(INPUT RECORDS):
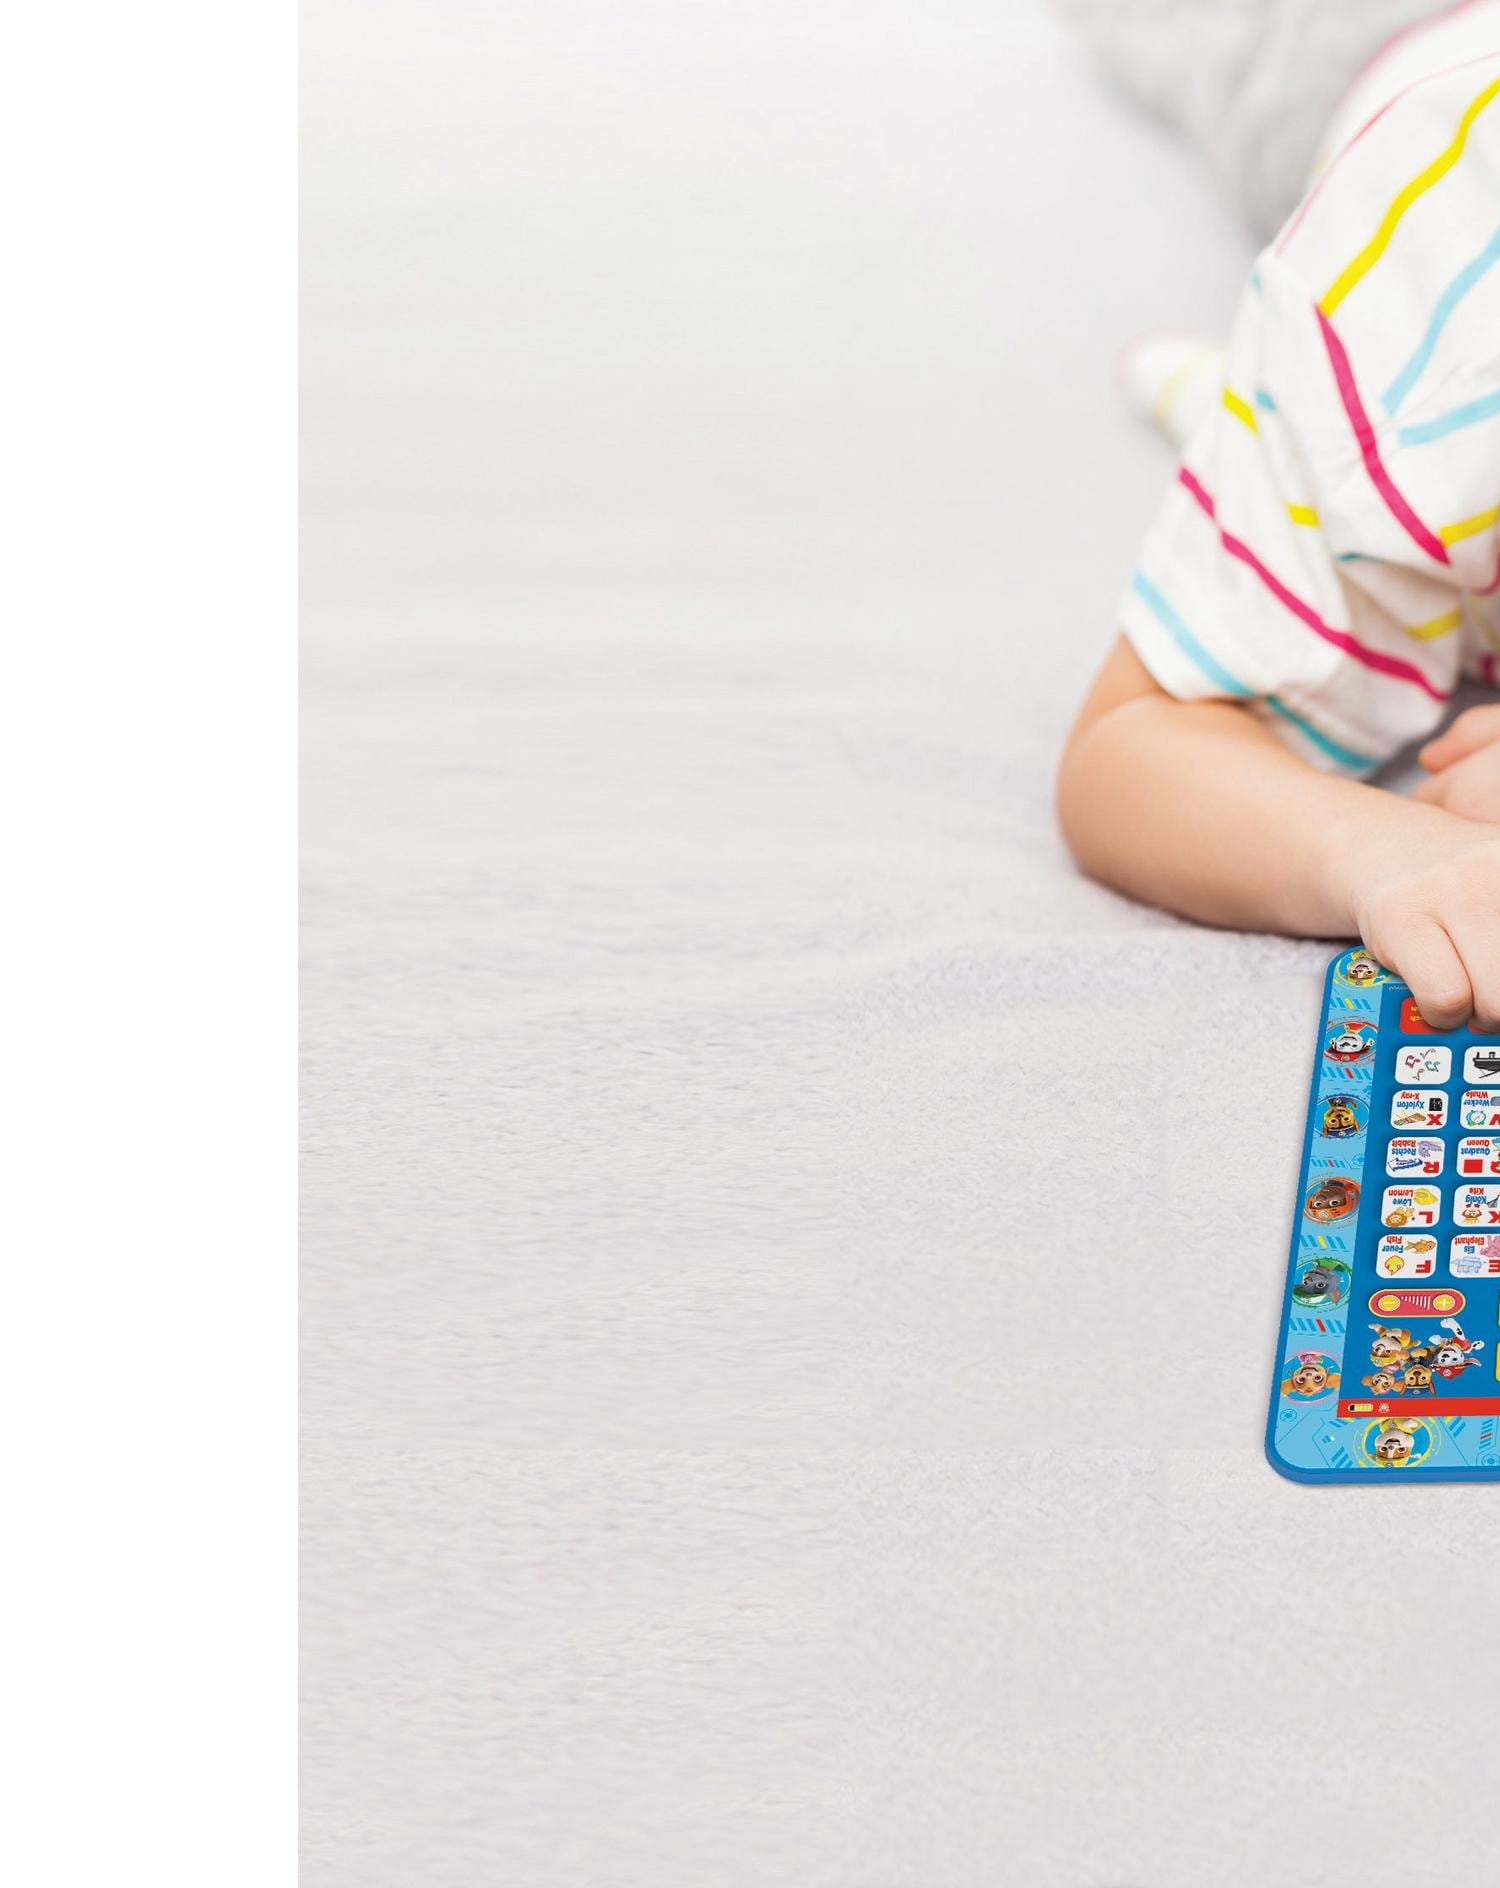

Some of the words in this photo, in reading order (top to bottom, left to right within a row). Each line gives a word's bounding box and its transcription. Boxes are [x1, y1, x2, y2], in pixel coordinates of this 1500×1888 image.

[1401, 1092, 1420, 1100] X-ray
[1397, 1101, 1425, 1109] Xylofon
[1464, 1099, 1490, 1107] Wecker
[1426, 1114, 1443, 1125] X
[1392, 1148, 1416, 1156] Rechts
[1461, 1147, 1490, 1155] Quadrat
[1423, 1162, 1439, 1173] R
[1388, 1190, 1413, 1198] Lemon
[1465, 1195, 1487, 1204] König
[1419, 1212, 1433, 1224] L
[1386, 1236, 1402, 1244] Fish
[1455, 1236, 1484, 1244] Elephant
[1382, 1245, 1404, 1253] Feuer
[1416, 1260, 1431, 1273] F
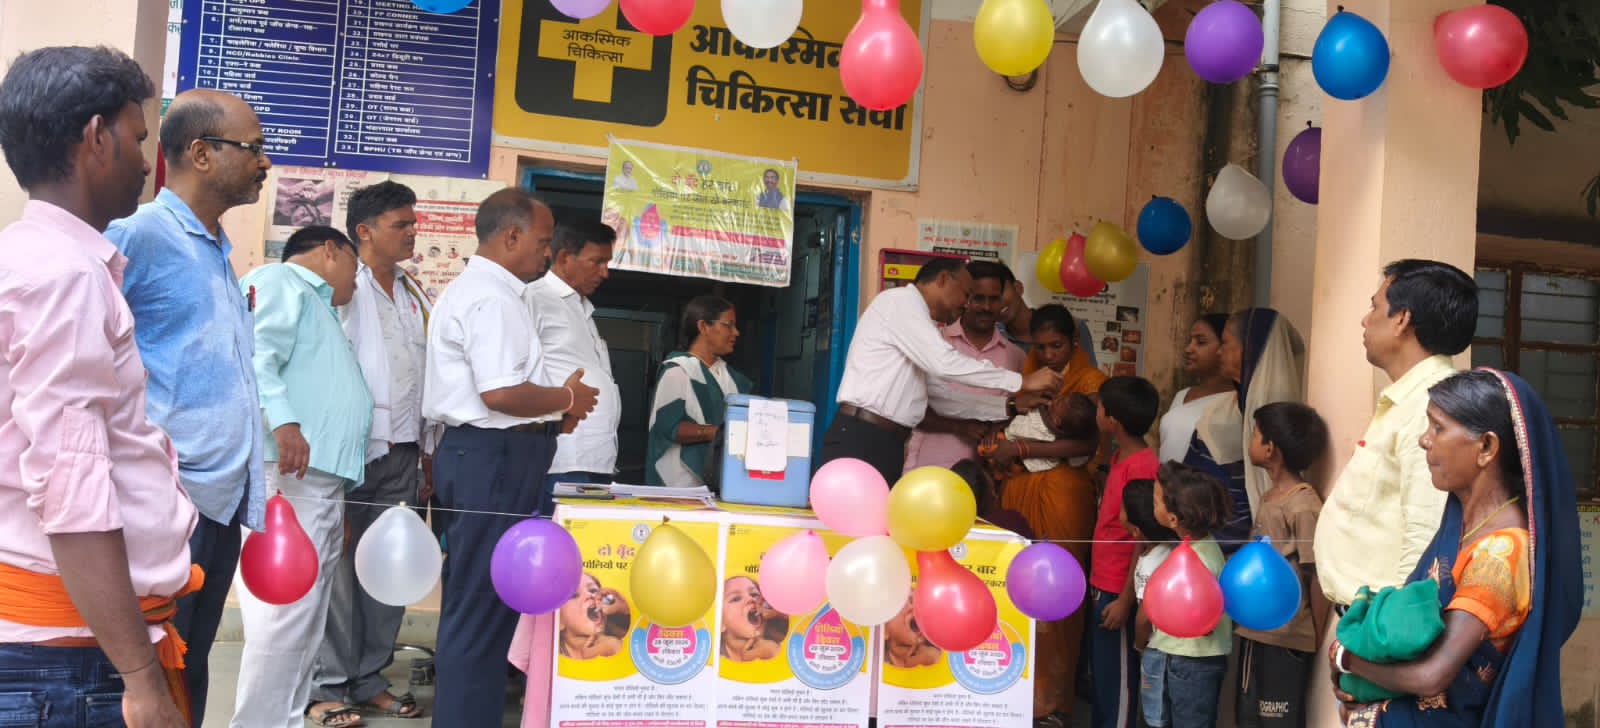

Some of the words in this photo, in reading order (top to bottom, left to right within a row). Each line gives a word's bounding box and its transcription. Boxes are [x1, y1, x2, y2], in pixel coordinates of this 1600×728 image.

[386, 12, 419, 20] CORNER
[563, 29, 632, 47] आकस्मिक
[568, 42, 624, 63] चिकित्सा
[686, 65, 833, 122] चिकित्सा
[367, 103, 378, 111] OT
[839, 95, 908, 130] सवा
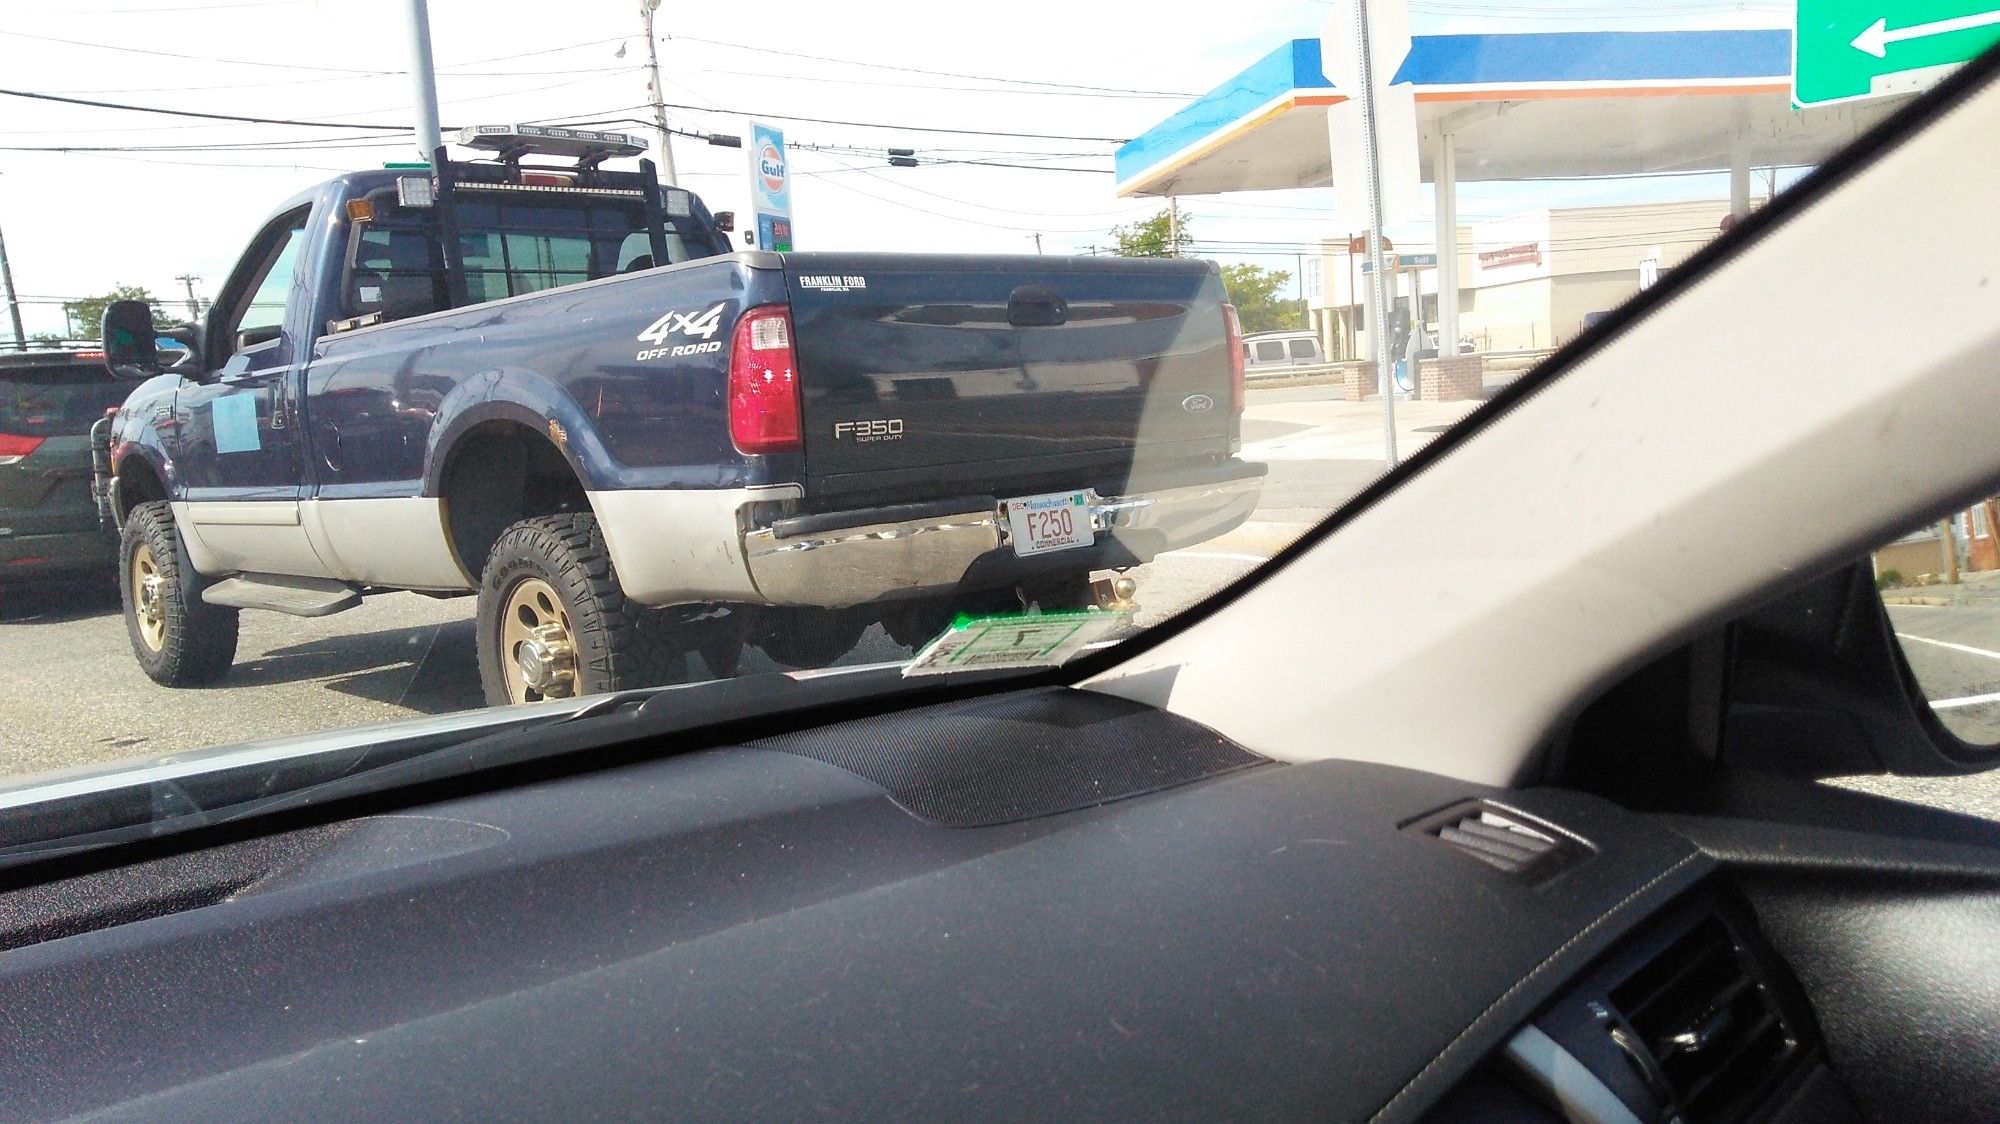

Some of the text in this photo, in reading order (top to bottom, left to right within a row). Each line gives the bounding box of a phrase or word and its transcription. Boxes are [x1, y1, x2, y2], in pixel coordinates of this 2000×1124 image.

[761, 160, 785, 178] Gulf
[799, 275, 866, 286] FRANKLIN FORD
[636, 341, 722, 361] OFF ROAD
[1026, 508, 1073, 541] F250
[1036, 537, 1075, 549] COMMERCIAL

(WORK INSTRUCTIONS): Your output should be an exact transcription of the line that holds "Some of the text" and each line after it through the end of the listing above.

(ANSWER SECTION):
Some of the text in this photo, in reading order (top to bottom, left to right within a row). Each line gives the bounding box of a phrase or word and its transcription. Boxes are [x1, y1, x2, y2], in pixel coordinates of this 2000×1124 image.

[761, 160, 785, 178] Gulf
[799, 275, 866, 286] FRANKLIN FORD
[636, 341, 722, 361] OFF ROAD
[1026, 508, 1073, 541] F250
[1036, 537, 1075, 549] COMMERCIAL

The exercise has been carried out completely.